Coming back to my first point, yes, prasugrel has been approved for us in management of acute coronary syndrome, with a black-bok labelling of the need to observe for major bleeding. Prasugrel, a cousin of clopidogrel, and more powerful, belongs to a group of anti-platelet agent acting on the ADP receptor, thereby blocking plaltelet adhesiveness and aggregation. The fact that it is effective is not in doubt. Perhaps the problem may be that it is too effective, thereby causing bleeds. So far, we have not notice any report of prasugrel resistance, a problem now well recognised with clopidogrel.
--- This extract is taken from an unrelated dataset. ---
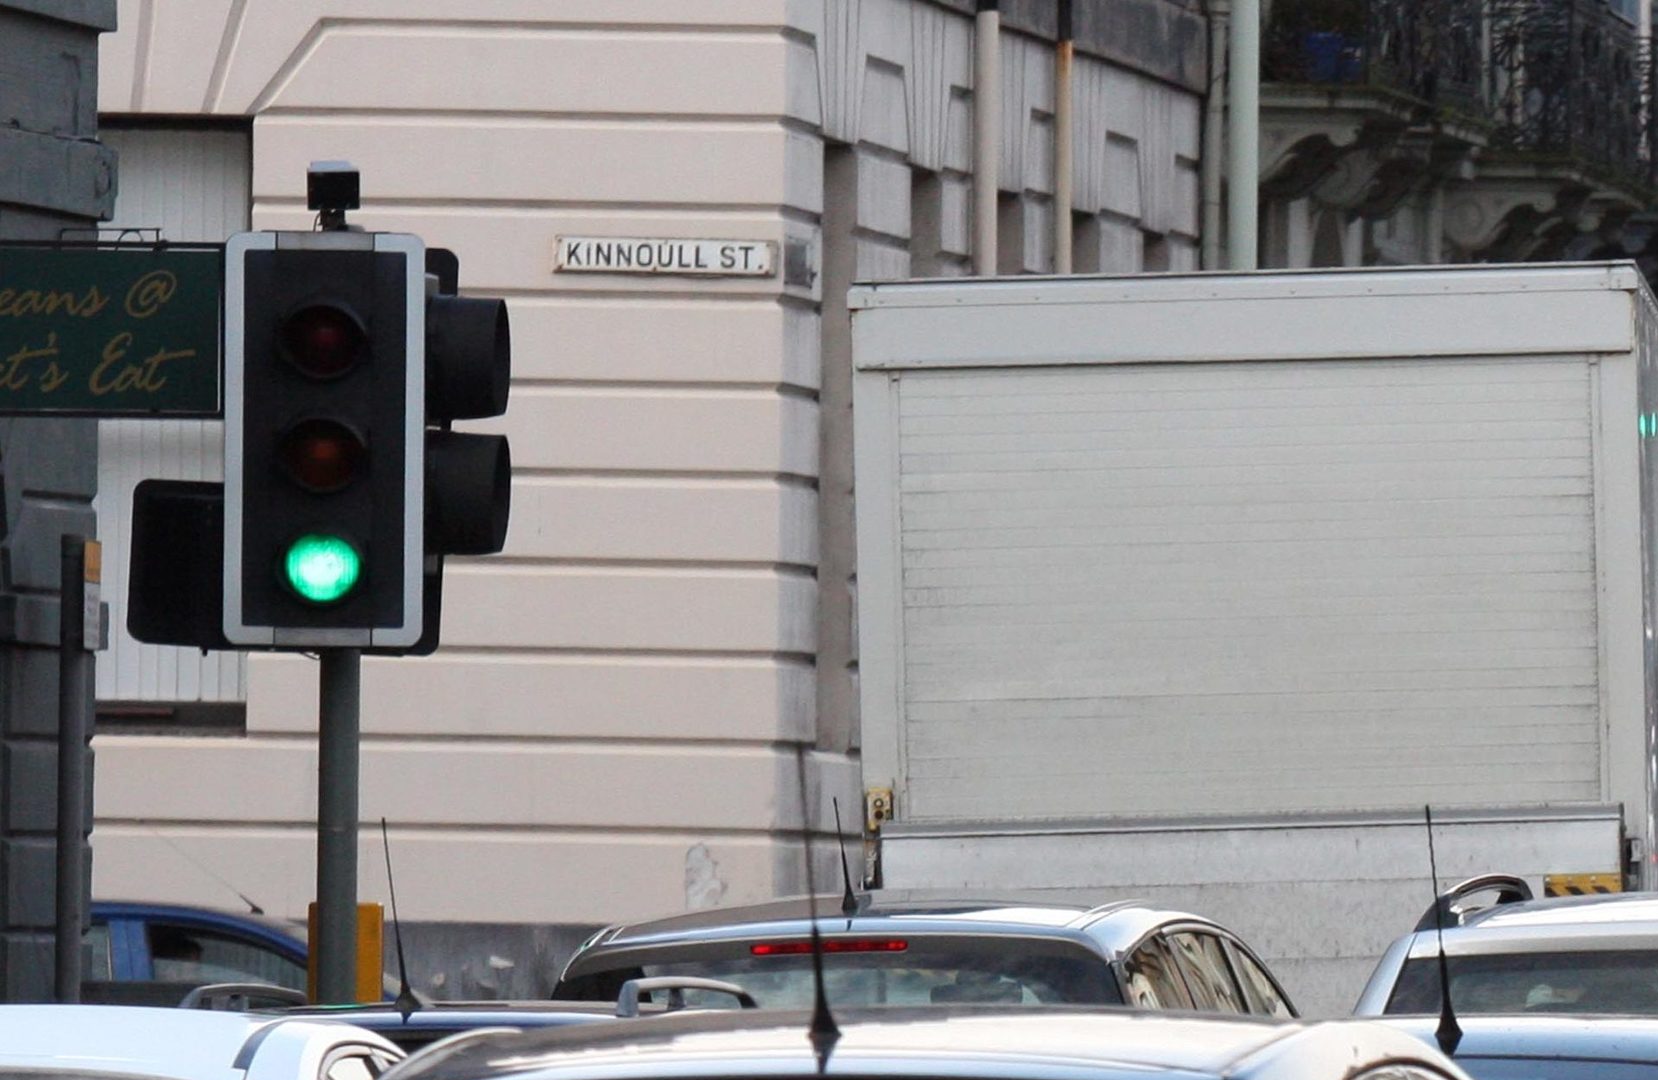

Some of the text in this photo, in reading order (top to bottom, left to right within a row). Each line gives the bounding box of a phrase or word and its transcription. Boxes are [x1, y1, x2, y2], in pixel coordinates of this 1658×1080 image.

[567, 243, 764, 270] KINNOULL ST.
[125, 270, 177, 318] @
[0, 332, 196, 396] t's Eat
Maybe the FDA felt that they needed to end the dominance of clopidogrel, but I must say that they way they did it make it lose her impartial and up-right status. One wonder, how many of the their decisions make previously, those on statins, ACE-I, ARBs, stents, anti-diabetic drugs, etc., too many to name, were also tainted by controversies such as this.
We are indeed waiting for a post-American world, whereby we no longer have to see American as the only big brother, whom we follow, sometimes blindly.